Written by on August 22, 2019

X Minus One was an American half-hour science fiction radio drama series that broadcast from April 1955 to January 1958 on NBC. Known for high production values in adapting stories from the leading American authors of the era. X Minus One was described as one of the finest offerings of American radio drama and one of the best science fiction series in any medium.

From Wikipedia:

Initially a revival of NBC’s Dimension X (1950–51), the first 15 episodes of X Minus One were new versions of Dimension X episodes, but the remainder were adaptations by NBC staff writers, including Ernest Kinoy and George Lefferts, of newly published science fiction stories by leading writers in the field, including Isaac Asimov, Ray Bradbury, Philip K. Dick, Robert A. Heinlein, Frederik Pohl and Theodore Sturgeon, along with some original scripts by Kinoy and Lefferts.

Included in the series were adaptations of Robert Sheckley’s “Skulking Permit,” Bradbury’s “Mars Is Heaven”, Heinlein’s “Universe” and “The Green Hills of Earth”, ” Pohl’s “The Tunnel under the World”, J. T. McIntosh’s “Hallucination Orbit”, Fritz Leiber’s “A Pail of Air”, and George Lefferts’ “The Parade”.
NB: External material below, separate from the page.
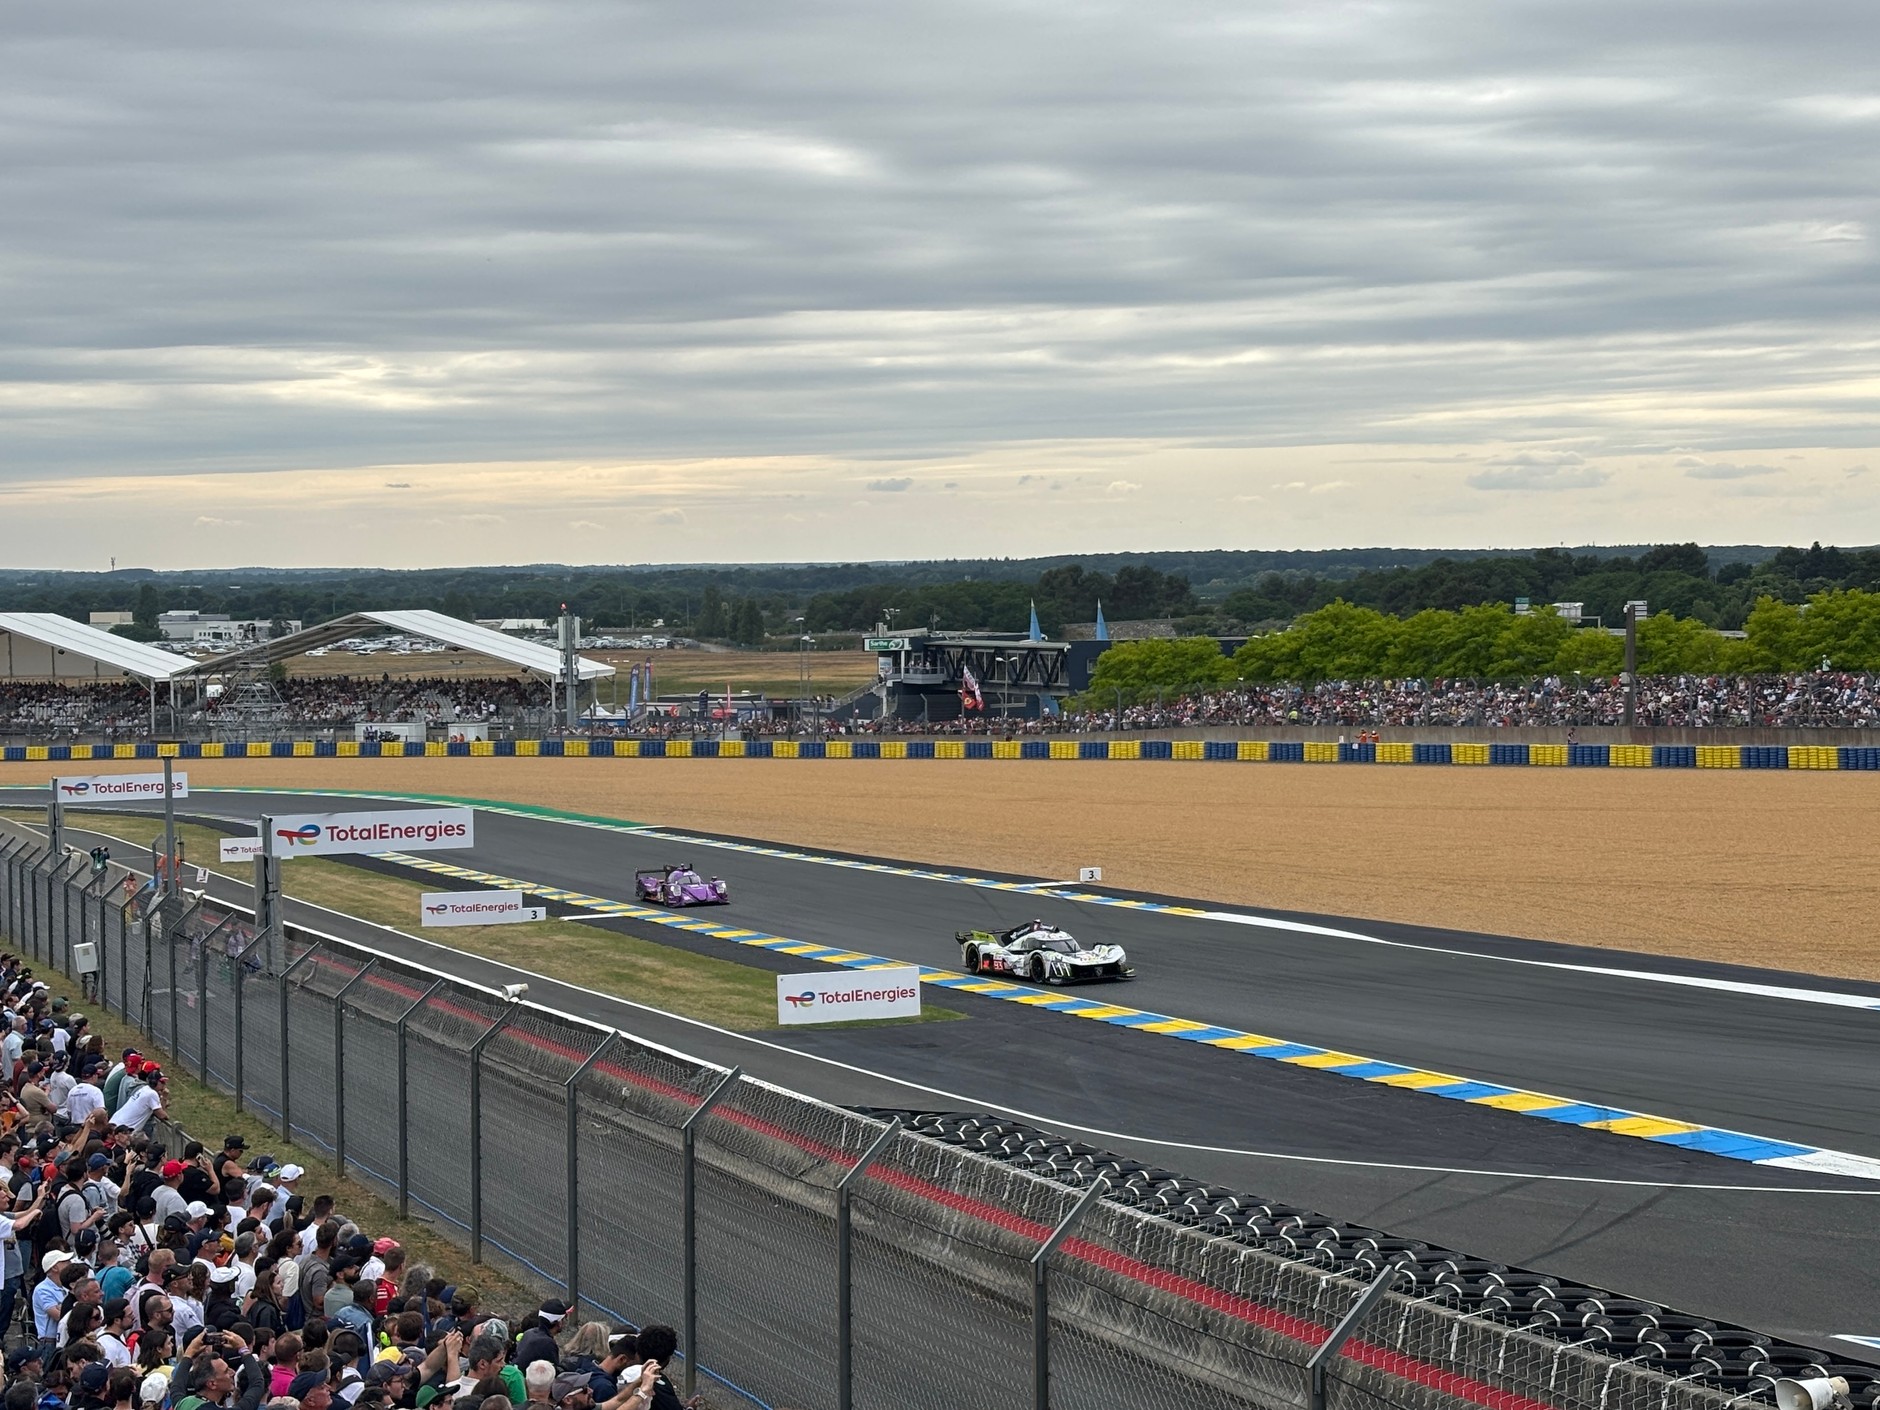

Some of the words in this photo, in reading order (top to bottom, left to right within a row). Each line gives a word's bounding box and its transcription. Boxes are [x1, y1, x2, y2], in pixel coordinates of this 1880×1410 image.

The program opened with announcer Fred Collins delivering the countdown, leading into the following introduction (although later shows beginning with Episode 37, were partnered with Galaxy Science Fiction rather than Astounding Science Fiction):

Countdown for blastoff… X minus five, four, three, two, X minus one… Fire! [Rocket launch SFX] From the far horizons of the unknown come transcribed tales of new dimensions in time and space. These are stories of the future; adventures in which you’ll live in a million could-be years on a thousand may-be worlds. The National Broadcasting Company, in cooperation with Street & Smith, publishers of Astounding Science Fiction presents… X Minus One.

 

The series was canceled after the 126th broadcast on January 9, 1958. However, the early 1970s brought a wave of nostalgia for old-time radio; a new experimental episode, “The Iron Chancellor” by Robert Silverberg, was produced in 1973, but it failed to revive the series. NBC also tried broadcasting the old recordings, but their irregular once-monthly scheduling kept even devoted listeners from following the broadcasts.